### Task to carry out
Only the pictures are to be dropped; the rest of the data below is to be duplicated exactly.
§
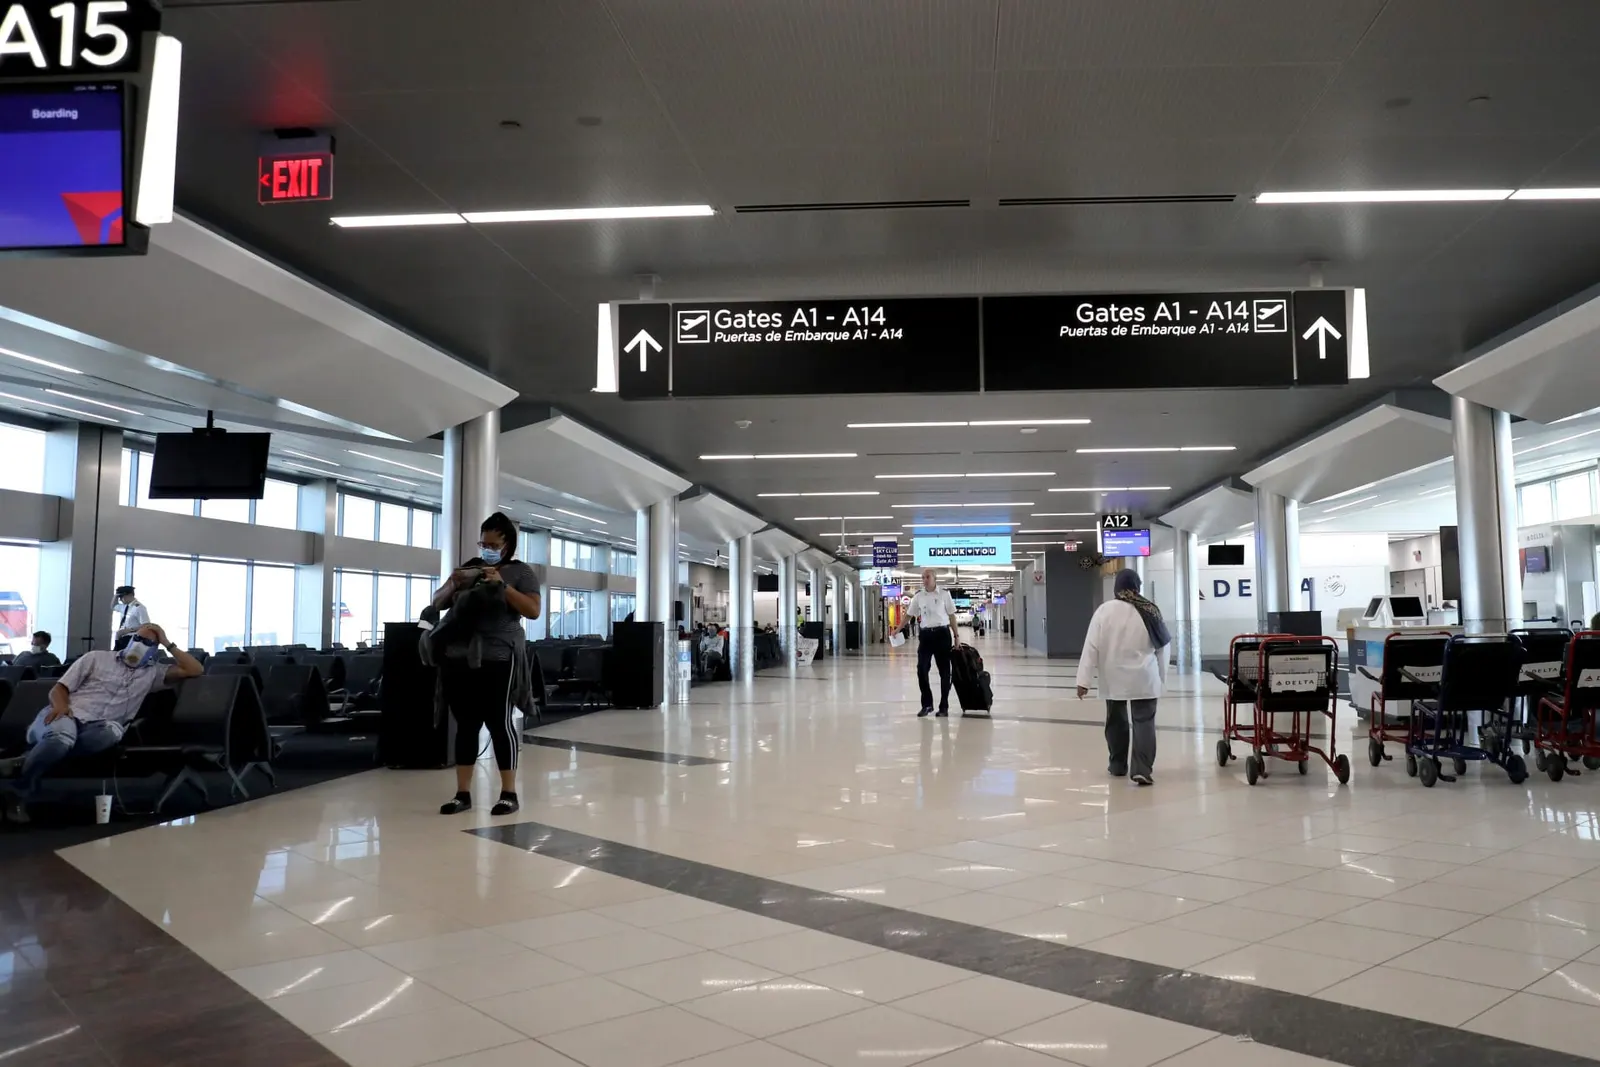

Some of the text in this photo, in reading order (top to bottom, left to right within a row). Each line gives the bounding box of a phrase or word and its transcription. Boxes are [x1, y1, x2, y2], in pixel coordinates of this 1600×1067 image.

[0, 1, 128, 67] A15
[32, 108, 78, 119] Boarding
[272, 158, 323, 198] EXIT
[714, 309, 782, 329] Gates
[790, 308, 817, 327] A1
[842, 306, 886, 326] A14
[1076, 303, 1146, 323] Gates
[1153, 301, 1180, 321] A1
[1205, 300, 1249, 320] A14
[714, 331, 762, 342] Puertas
[765, 331, 782, 342] de
[785, 329, 849, 342] Embarque
[853, 329, 868, 340] A1
[879, 328, 903, 339] A14
[1059, 325, 1108, 337] Puertas
[1111, 325, 1128, 336] de
[1131, 323, 1196, 336] Embarque
[1199, 323, 1215, 334] A1
[1225, 322, 1249, 333] A14
[1103, 515, 1129, 527] A12
[929, 547, 996, 556] THANK YOU
[1213, 577, 1313, 597] DEA
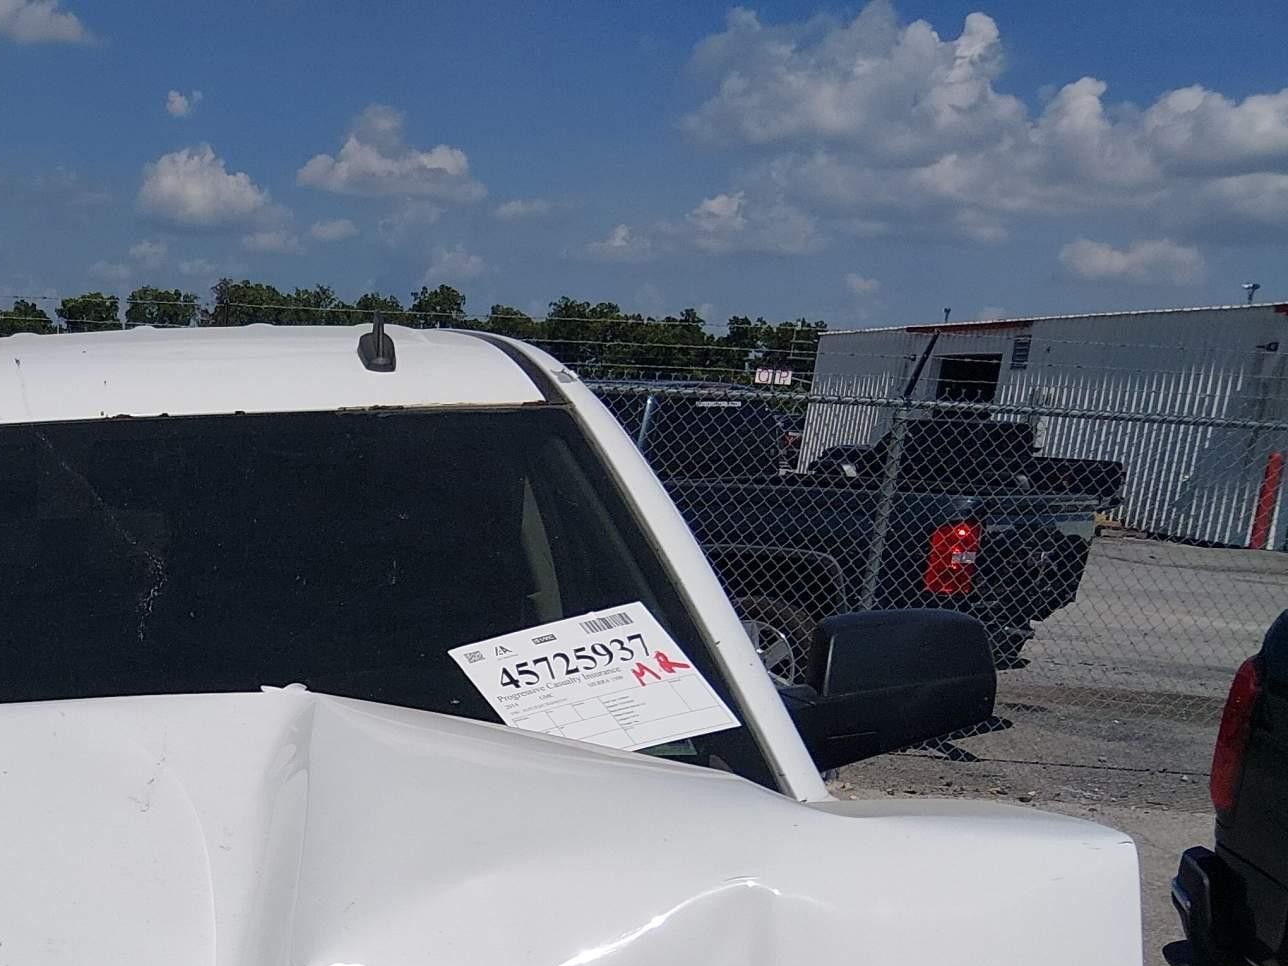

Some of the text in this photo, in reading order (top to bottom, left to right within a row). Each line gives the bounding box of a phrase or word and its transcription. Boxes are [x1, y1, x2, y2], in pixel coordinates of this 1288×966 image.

[500, 633, 650, 689] 45725937
[497, 667, 622, 702] Progressive Casualty Insurance
§
### Solution for this exercise
Some of the text in this photo, in reading order (top to bottom, left to right within a row). Each line gives the bounding box of a phrase or word and its transcription. Boxes are [x1, y1, x2, y2], in pixel coordinates of this 1600×1067 image.

[0, 1, 128, 67] A15
[32, 108, 78, 119] Boarding
[272, 158, 323, 198] EXIT
[714, 309, 782, 329] Gates
[790, 308, 817, 327] A1
[842, 306, 886, 326] A14
[1076, 303, 1146, 323] Gates
[1153, 301, 1180, 321] A1
[1205, 300, 1249, 320] A14
[714, 331, 762, 342] Puertas
[765, 331, 782, 342] de
[785, 329, 849, 342] Embarque
[853, 329, 868, 340] A1
[879, 328, 903, 339] A14
[1059, 325, 1108, 337] Puertas
[1111, 325, 1128, 336] de
[1131, 323, 1196, 336] Embarque
[1199, 323, 1215, 334] A1
[1225, 322, 1249, 333] A14
[1103, 515, 1129, 527] A12
[929, 547, 996, 556] THANK YOU
[1213, 577, 1313, 597] DEA

Some of the text in this photo, in reading order (top to bottom, left to right within a row). Each line gives the bounding box of a phrase or word and its transcription. Boxes are [x1, y1, x2, y2], in pixel coordinates of this 1288×966 image.

[500, 633, 650, 689] 45725937
[497, 667, 622, 702] Progressive Casualty Insurance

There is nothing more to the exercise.